Astrolabio

Por Victoriano Martínez

Y la palabra clave para resolver el galimatías del esquema progresivo en las tarifas del impuesto predial, del traslado de dominio y demás cuotas relacionadas con el sector inmobiliario es… convenio.

“Se proyecta el establecimiento de un convenio que permita proteger el mercado inmobiliario”, dio a conocer en un comunicado el alcalde Enrique Galindo Ceballos el pasado jueves, tras reunirse vía videoconferencia con directivos de la AMPI y la CANADEVI.

“Vamos a trabajar un convenio en todo lo que ustedes consideren que coadyuve a su trabajo”, les dijo Galindo Ceballos este martes a integrantes del Colegio de Notarios del Estado en su primer actividad presencial después de su recuperación de Covid-19.

Inauguró así una nueva política gubernamental como presidente municipal: la ley no se cumple, se convenia. Sobre todo si no se realizó la tarea previa de consultas y análisis serio y a fondo de las repercusiones de lo que consideró proponer y hoy ya está aprobado.

Si le salió mal el plagio, pero el ego no da para correcciones, a los convenios-parche se le suman las justificaciones demagógicas, con la complicidad de sinodales paleros como el diputado Alejandro Leal Tovías, quien repite el argumento del alcalde, e ignorar posibles alternativas, como la propuesta por el diputado Héctor Ramírez Konichi.

“Todo el trabajo que estamos haciendo no es pensando en otra cosa más que en la ciudad, y si nos va bien, todo lo que habíamos proyectado para realizar en tres años podremos realizarlo en año y medio.
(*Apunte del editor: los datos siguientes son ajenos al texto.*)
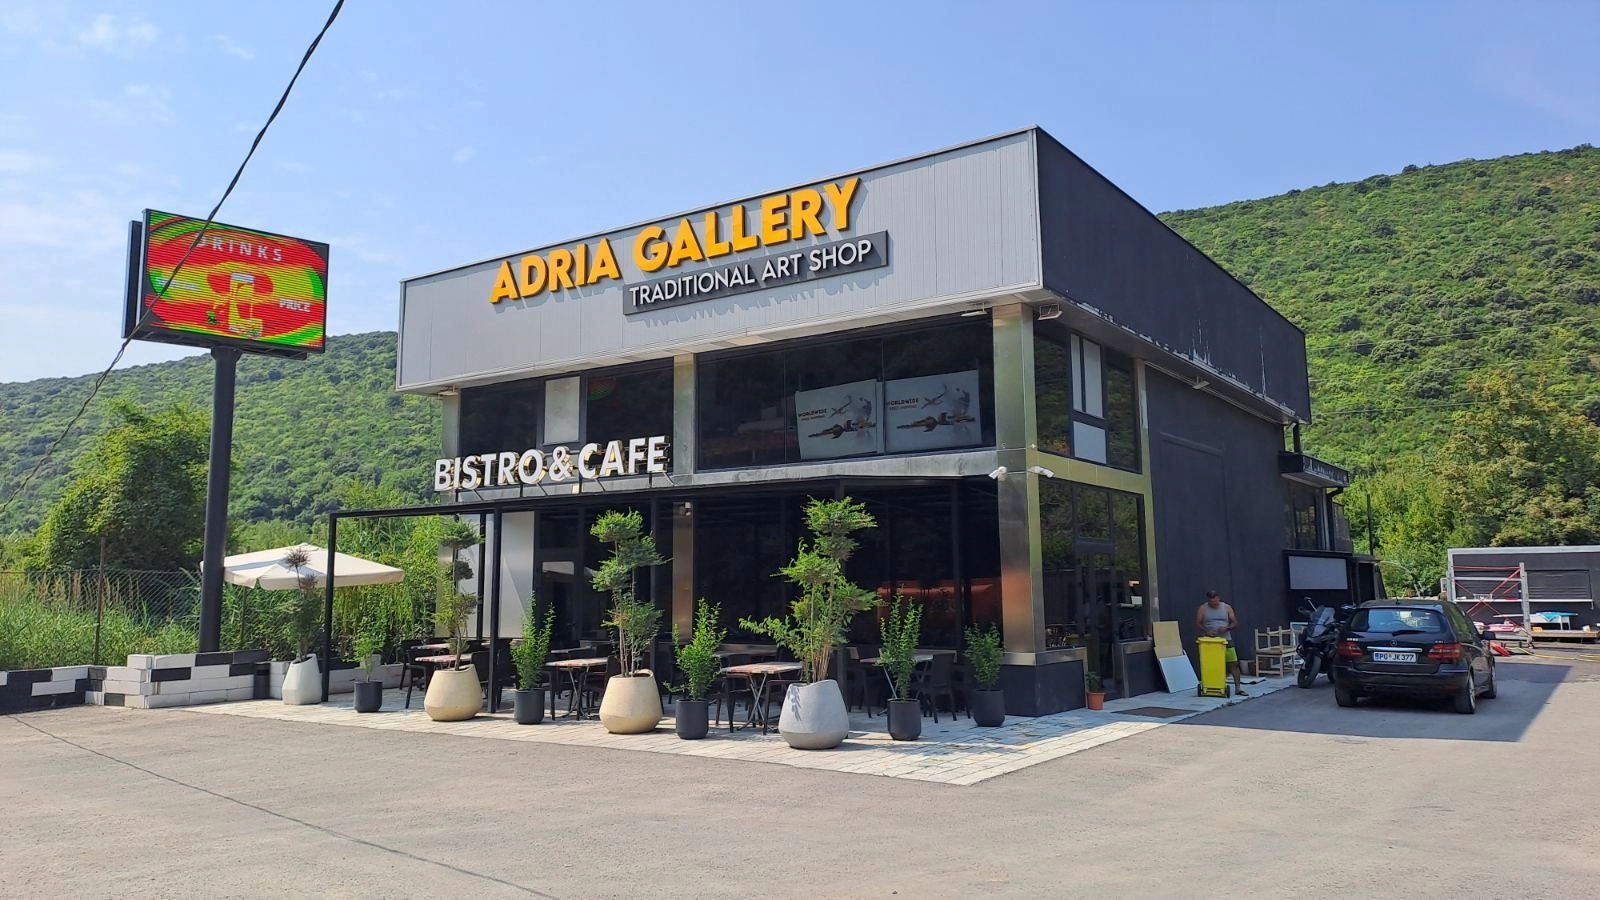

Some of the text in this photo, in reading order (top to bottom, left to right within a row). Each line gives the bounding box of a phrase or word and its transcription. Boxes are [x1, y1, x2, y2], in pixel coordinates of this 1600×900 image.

[194, 231, 283, 261] DRINKS
[490, 177, 860, 304] ADRIA GALLERY
[630, 239, 872, 307] TRADITIONAL ART SHOP
Si esto se logra en año y medio, sí creo que en el corto plazo vamos a tener una ciudad totalmente diferente”, dijo ante los dirigentes de los notarios, según su comunicado.

“Incentivar el pago de los impuestos correspondientes que, posteriormente, se verán reflejados en las obras públicas, programas y acciones que la ciudad requiere y que la población demanda”, señaló también en el comunicado sobre su encuentro con la CANADEVI y la AMPI.

Tan demagógicas son sus posturas, que no pasan la prueba del principio de publicidad de la información cuando se trata de asuntos públicos.

Ojo, el uso de la palabra publicidad aquí nada tiene que ver con la propaganda que le hacen sus desvirtuados operadores de comunicación social, sino con la obligación legal de transparencia por la que toda la información sobre la aplicación de recursos en “las obras públicas, programas y acciones que la ciudad requiere y que la población demanda” debe ser publicada.

Una prueba que no pasa y, en consecuencia, es el primer indicador que confirma su demagogia. Buscar de manera tan grotesca aumentar los ingresos vía contribuciones desproporcionadas con la justificación de que se reflejará en obras, lo contradicen las condiciones en que siguen las calles en la ciudad mientras la recorre para tomarse fotos en acciones meramente cosméticas.

Ni en materia de obras, ni en materia de acciones, principalmente para garantizar la seguridad en la ciudad, se encuentran indicios de que se le puede creer su fingida correspondencia para cobrar más impuestos. Que se los diga, por ejemplo, a los locatarios del mercado Hidalgo que hablan de una movilización porque no les ha cumplido nada de lo que les prometió.

No pasa la prueba porque no es capaz ni siquiera de transparentar el uso de los recursos públicos en esas mismas acciones superfluas.

Las listas de cheques que por obligación legal debe publicar mensualmente aparecen incompletas y, por ejemplo, en el mes de diciembre no reporta un solo pago relacionado con su festival navideño, a pesar de haber gastado más de tres millones de pesos, dato que debió conseguirse por vía de solicitud de información cuando está obligado a difundirlo de oficio.

¿Por qué habría de creérsele que se conocerá con precisión el buen uso de su voraz recaudación de impuestos y derechos, cuando en sus primeros cien días ya enseñó el cobre de su opacidad?

Si las ecuaciones mal copiadas con que innovó su progresividad impositiva lo muestran como abusivo recaudador, con la fórmula aumentar impuestos para hacer más obras se presenta como ingenuo engañabobos que vende espejitos pero que, por ser autoridad, puede conseguir aliados para afectar a la población con perversos convenios que son posibles por su conocida opacidad.

¿Para qué corregir un mal plagio en su ley de ingresos si hay alternativas al margen de la legalidad? CANADEVI, AMPI y Colegio de Notarios están en la antesala de la complicidad con un Galindo Ceballos, aferrado al abuso impositivo, así tenga que burlar la propia ley que él propuso.